Without including the images, transcribe each record precisely as it appears below.

================================

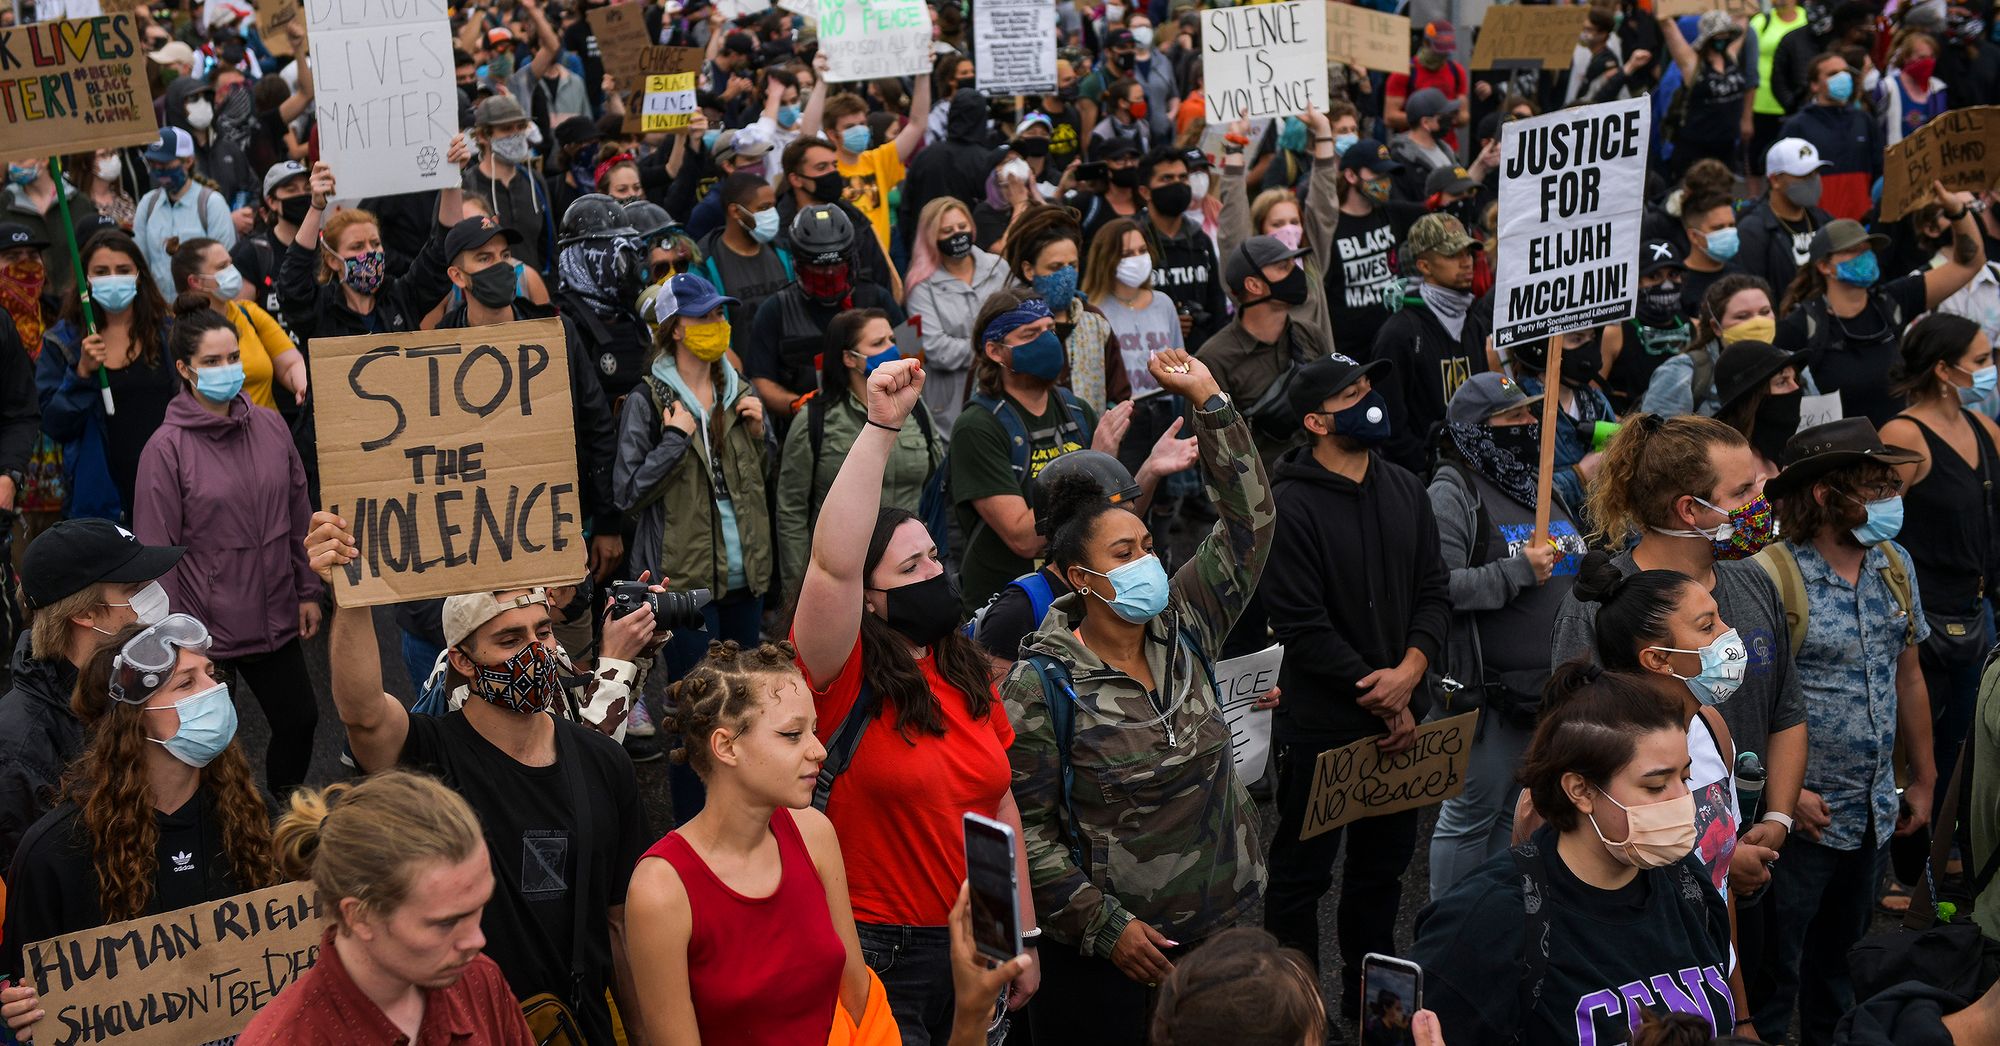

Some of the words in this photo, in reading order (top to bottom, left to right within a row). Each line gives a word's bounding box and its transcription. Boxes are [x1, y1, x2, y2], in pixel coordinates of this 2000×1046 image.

[820, 9, 846, 38] NO
[862, 6, 921, 35] PEACE
[1209, 3, 1308, 53] SILENCE
[315, 31, 445, 92] LIVES
[1245, 49, 1274, 85] IS
[106, 90, 134, 107] NOT
[1207, 78, 1320, 121] VIOLENCE
[318, 91, 453, 151] MATTER
[1933, 111, 1983, 139] WILL
[1506, 110, 1641, 180] JUSTICE
[1540, 166, 1601, 223] FOR
[1337, 225, 1396, 260] BLACK
[1528, 222, 1612, 275] ELIJAH
[1345, 256, 1388, 284] LIVES
[1507, 262, 1629, 322] MCCLAIN!
[1517, 320, 1537, 334] Party
[1536, 319, 1547, 330] for
[1546, 313, 1579, 327] Socialism
[1579, 309, 1592, 320] and
[1592, 303, 1625, 317] Liberation
[348, 343, 549, 452] STOP
[404, 442, 487, 485] THE
[331, 482, 573, 586] VIOLENCE
[173, 864, 195, 873] adidas
[27, 914, 202, 998] HUMAN
[218, 980, 270, 1017] BE
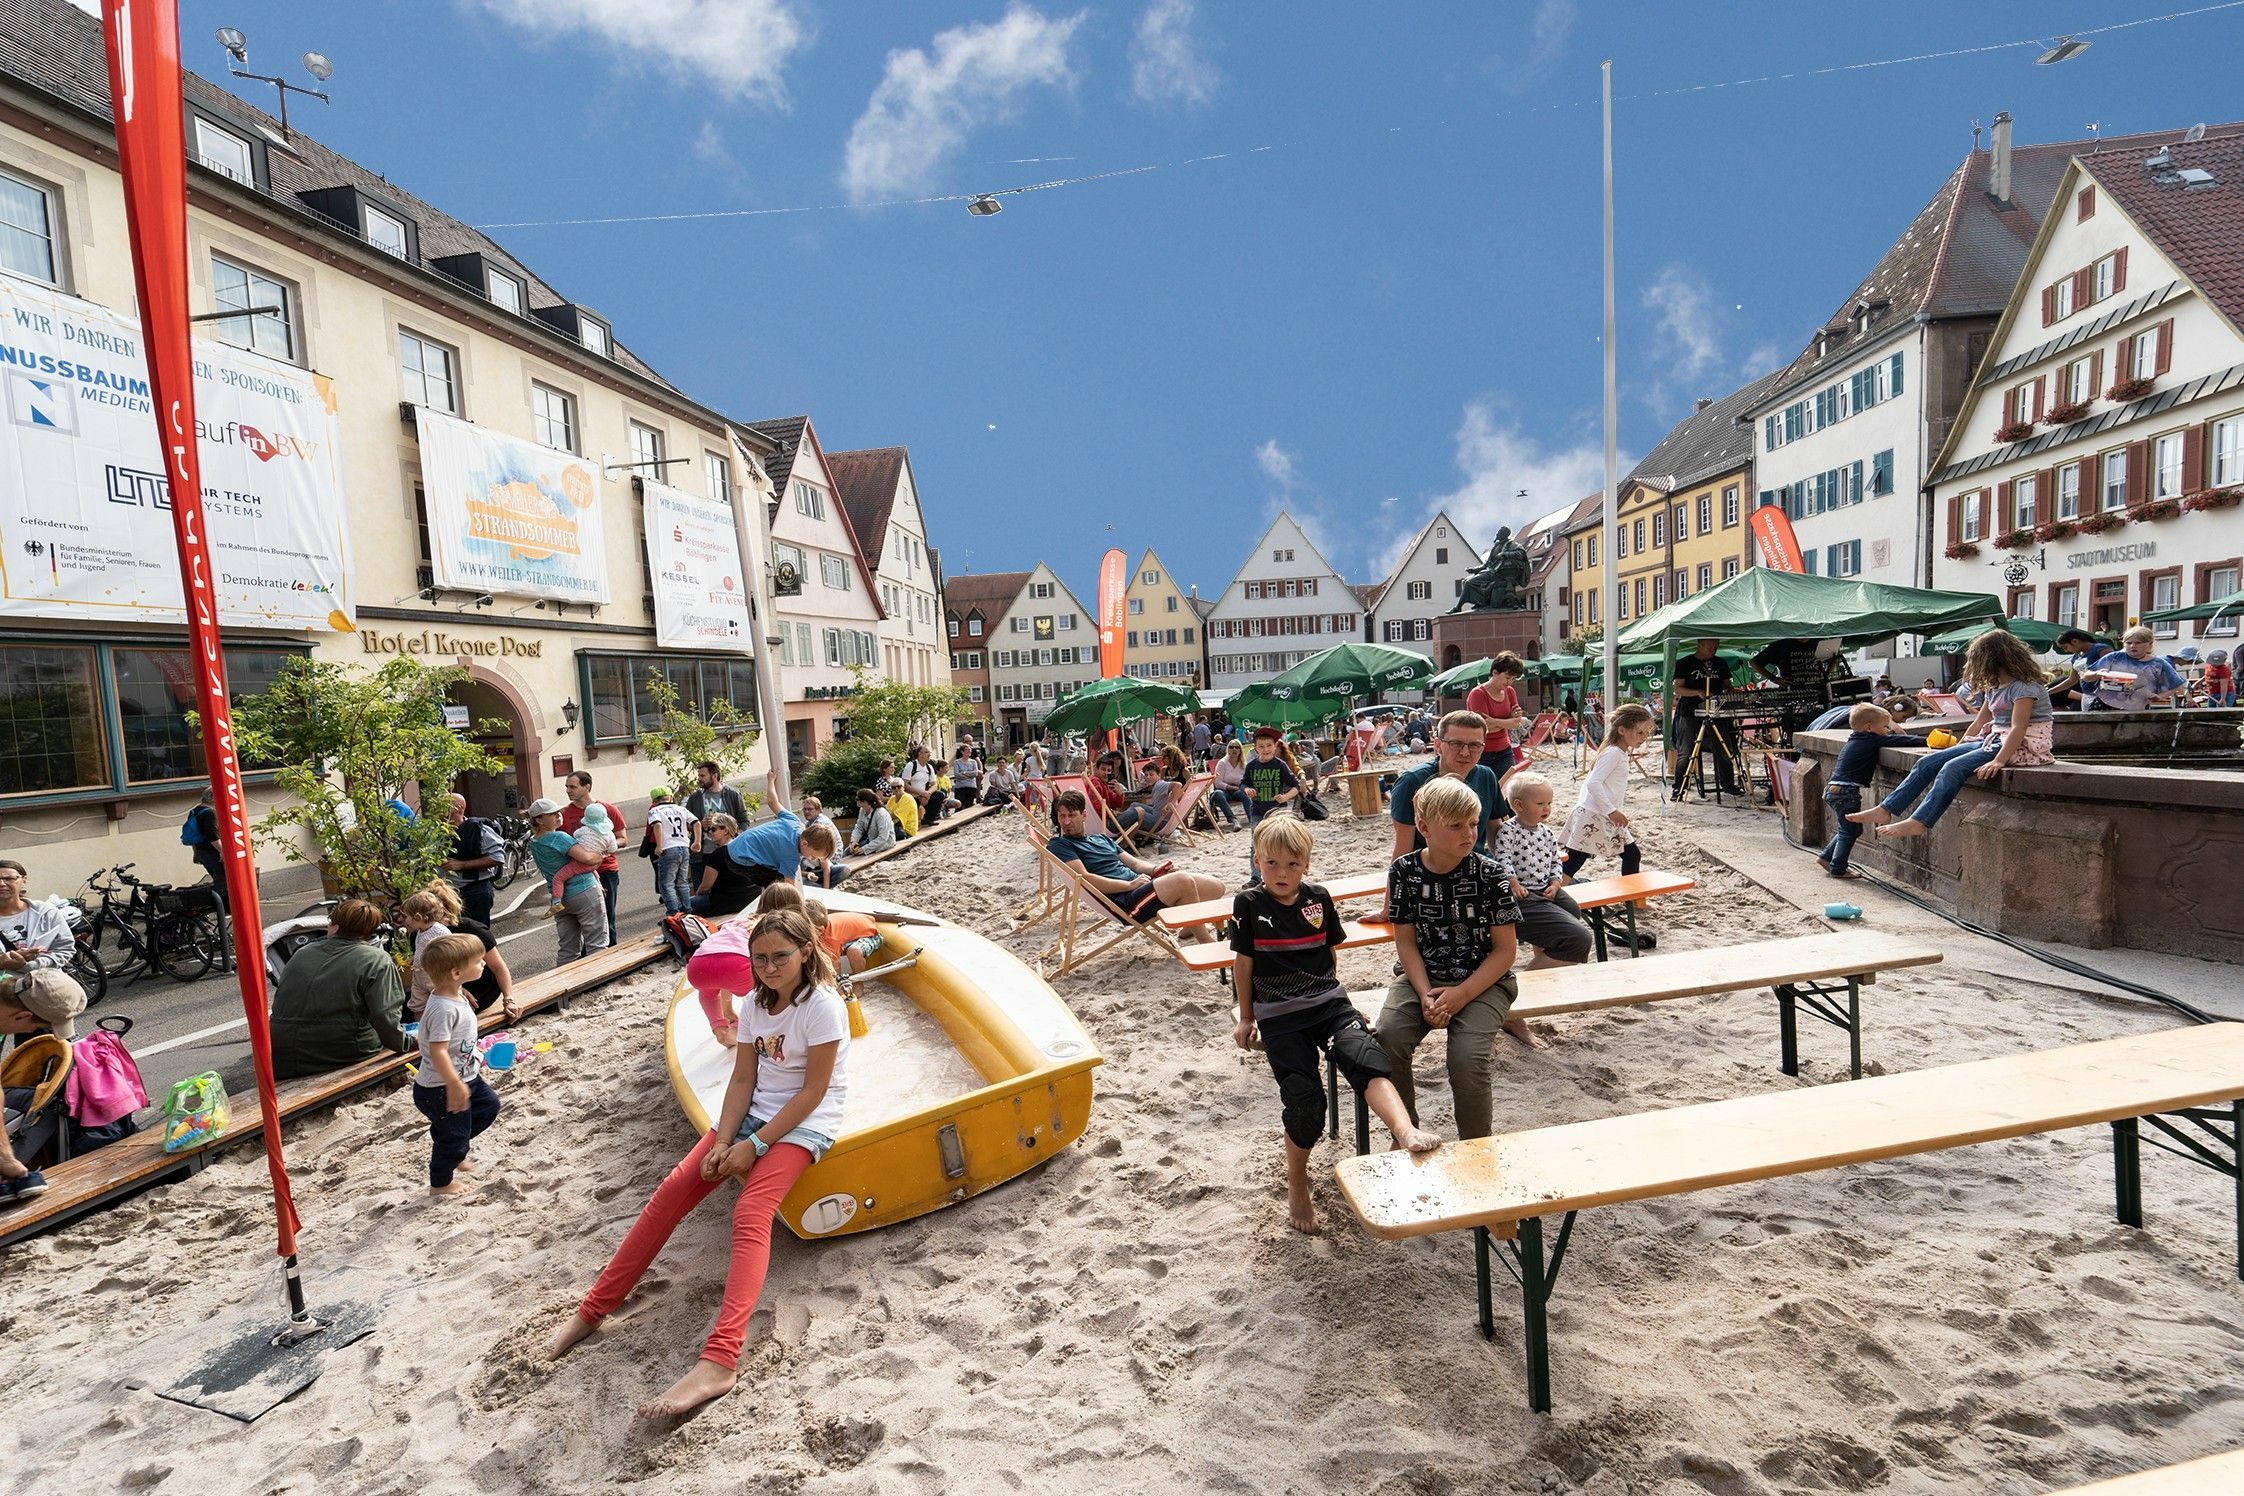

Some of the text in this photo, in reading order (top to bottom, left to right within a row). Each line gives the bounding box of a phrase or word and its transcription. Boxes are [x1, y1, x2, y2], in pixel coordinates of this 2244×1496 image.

================================

**WRITTEN ANSWER**:
Some of the words in this photo, in reading order (top to bottom, left to right within a row). Each line gives a word's bounding box and its transcription. Boxes are [x1, y1, x2, y2], in pixel coordinates of this 2000×1046 image.

[820, 9, 846, 38] NO
[862, 6, 921, 35] PEACE
[1209, 3, 1308, 53] SILENCE
[315, 31, 445, 92] LIVES
[1245, 49, 1274, 85] IS
[106, 90, 134, 107] NOT
[1207, 78, 1320, 121] VIOLENCE
[318, 91, 453, 151] MATTER
[1933, 111, 1983, 139] WILL
[1506, 110, 1641, 180] JUSTICE
[1540, 166, 1601, 223] FOR
[1337, 225, 1396, 260] BLACK
[1528, 222, 1612, 275] ELIJAH
[1345, 256, 1388, 284] LIVES
[1507, 262, 1629, 322] MCCLAIN!
[1517, 320, 1537, 334] Party
[1536, 319, 1547, 330] for
[1546, 313, 1579, 327] Socialism
[1579, 309, 1592, 320] and
[1592, 303, 1625, 317] Liberation
[348, 343, 549, 452] STOP
[404, 442, 487, 485] THE
[331, 482, 573, 586] VIOLENCE
[173, 864, 195, 873] adidas
[27, 914, 202, 998] HUMAN
[218, 980, 270, 1017] BE

Some of the text in this photo, in reading order (top to bottom, left to right within a row). Each line gives the bounding box of a phrase or word and its transcription. Boxes are [x1, y1, x2, y2], in pixel coordinates of this 2244×1496 image.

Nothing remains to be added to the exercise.